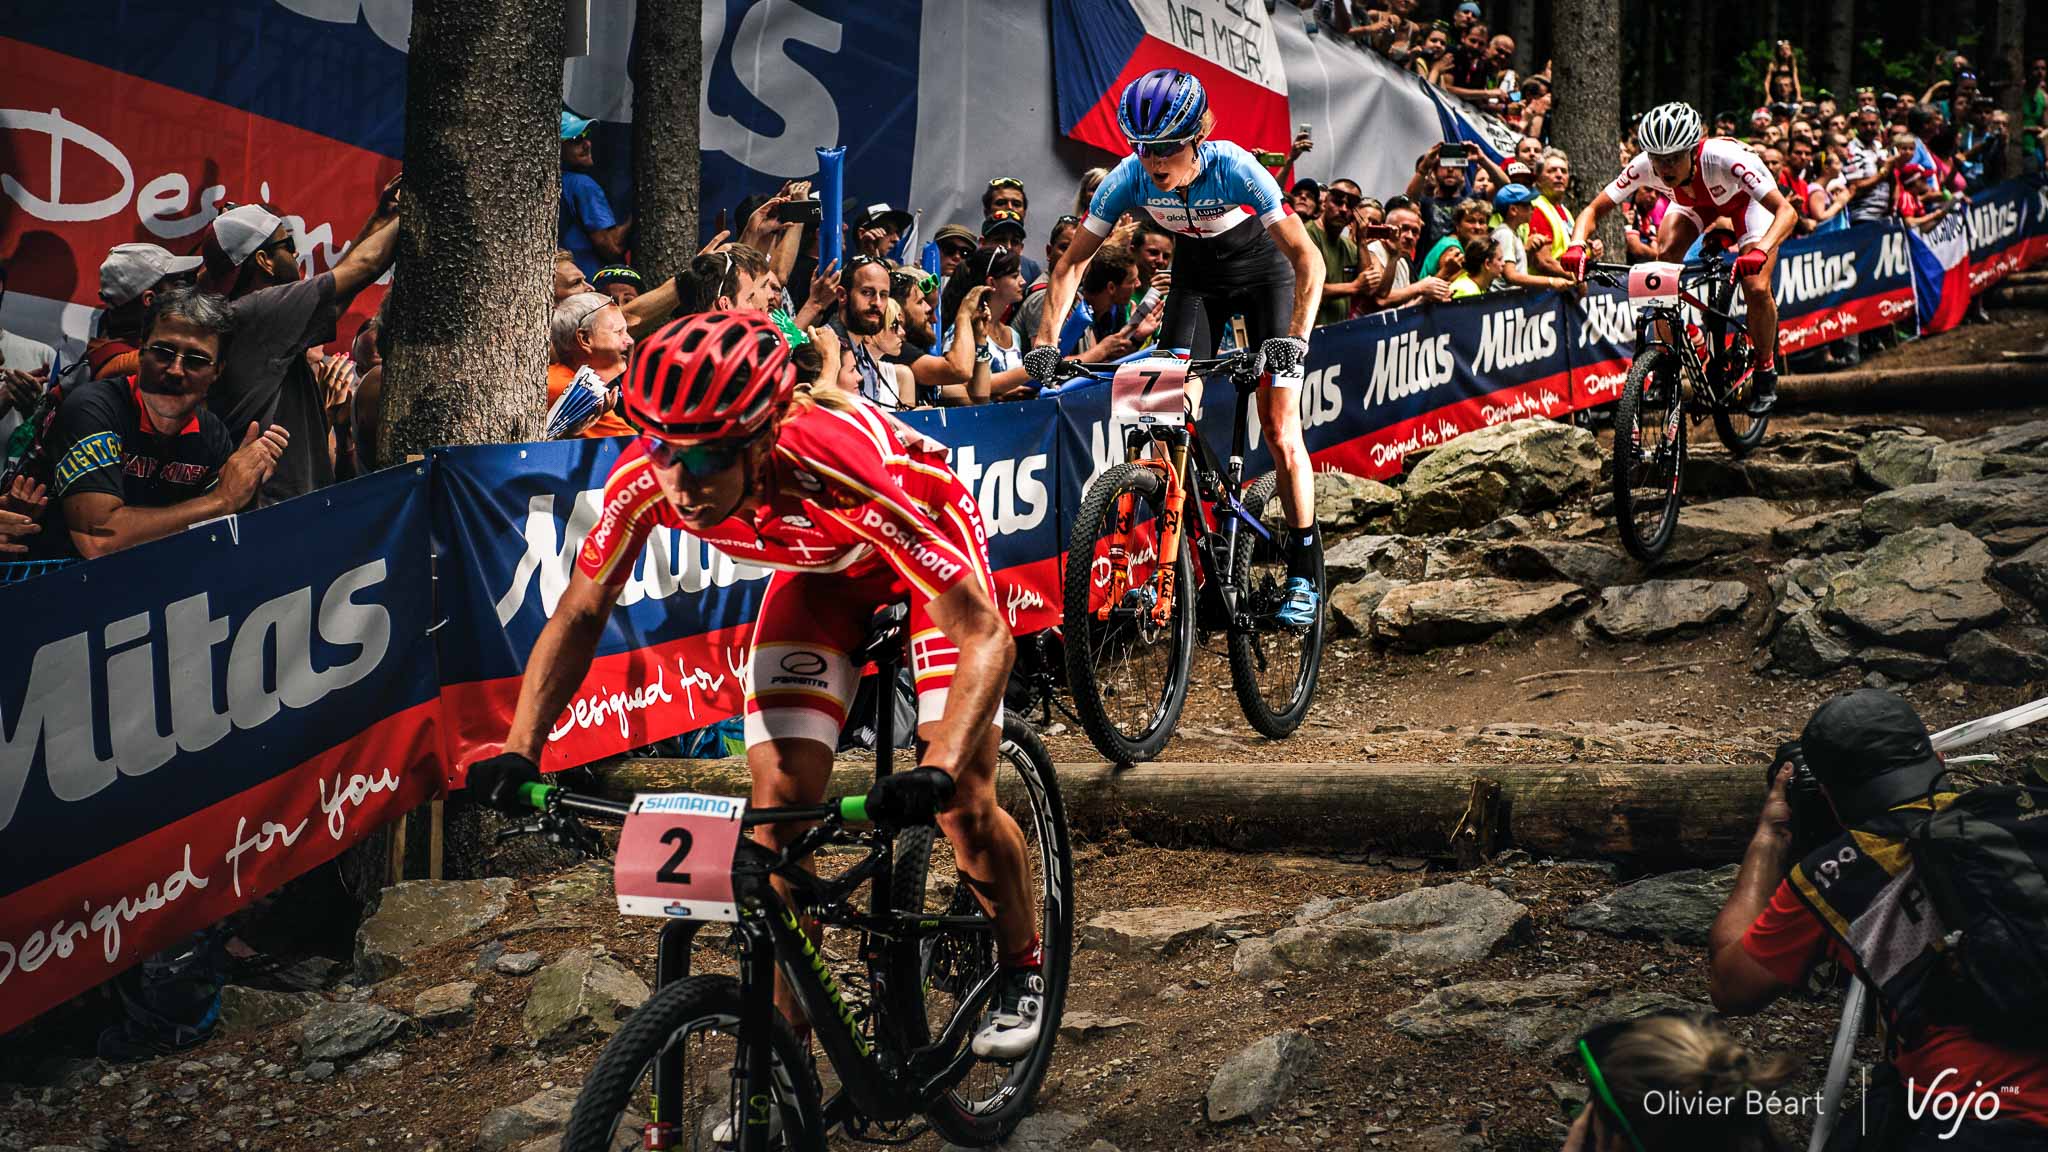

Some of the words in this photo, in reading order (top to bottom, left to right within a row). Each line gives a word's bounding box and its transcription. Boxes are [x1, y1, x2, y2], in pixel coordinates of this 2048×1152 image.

[1198, 208, 1223, 216] LUNA
[1645, 272, 1661, 291] 6
[1776, 250, 1857, 307] Mitas
[1364, 330, 1454, 411] Mitas
[1471, 307, 1557, 377] Mitas
[1139, 371, 1161, 401] 7
[1481, 393, 1526, 427] Designed
[1522, 391, 1540, 415] for
[1539, 388, 1560, 415] You
[1370, 427, 1421, 468] Designed
[1422, 423, 1439, 446] for
[1438, 418, 1459, 444] You
[594, 469, 655, 549] postnord
[862, 509, 962, 582] postnord
[0, 557, 391, 832] Mitas
[679, 657, 724, 720] for
[225, 816, 308, 897] for
[319, 768, 400, 841] You
[645, 796, 730, 814] SHIMANO
[656, 826, 693, 885] 2
[1814, 846, 1858, 889] 190
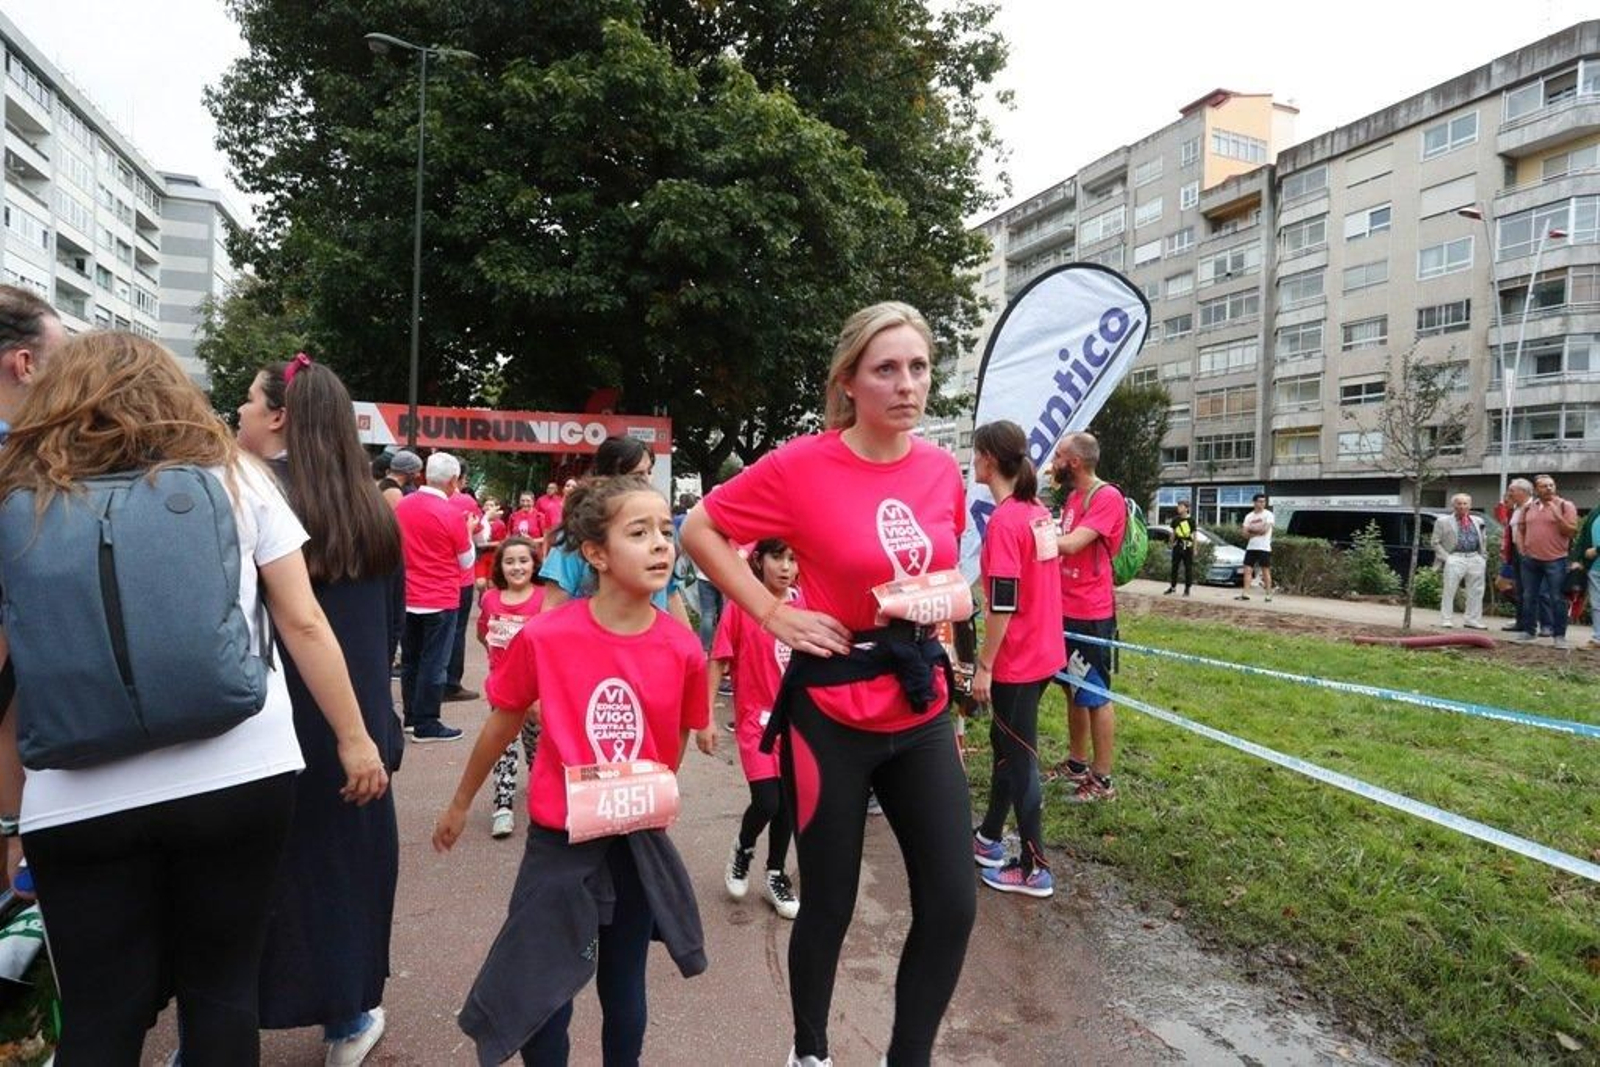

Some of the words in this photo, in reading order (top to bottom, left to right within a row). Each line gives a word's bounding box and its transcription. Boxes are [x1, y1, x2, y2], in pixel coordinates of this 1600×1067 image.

[885, 507, 904, 520] VI
[885, 526, 917, 539] VIGO
[604, 688, 624, 703] VI
[594, 710, 635, 723] VIGO
[596, 784, 656, 820] 4851

====

> EXERCISE REQUIREMENTS
Each line from the one containing "this 1600×1067 image." to the final line of the entries above must be returned exactly, and no other line may appear.

> OUTPUT FOR THIS EXERCISE
Some of the words in this photo, in reading order (top to bottom, left to right within a row). Each line gives a word's bounding box and its transcription. Boxes are [x1, y1, x2, y2], in pixel coordinates of this 1600×1067 image.

[885, 507, 904, 520] VI
[885, 526, 917, 539] VIGO
[604, 688, 624, 703] VI
[594, 710, 635, 723] VIGO
[596, 784, 656, 820] 4851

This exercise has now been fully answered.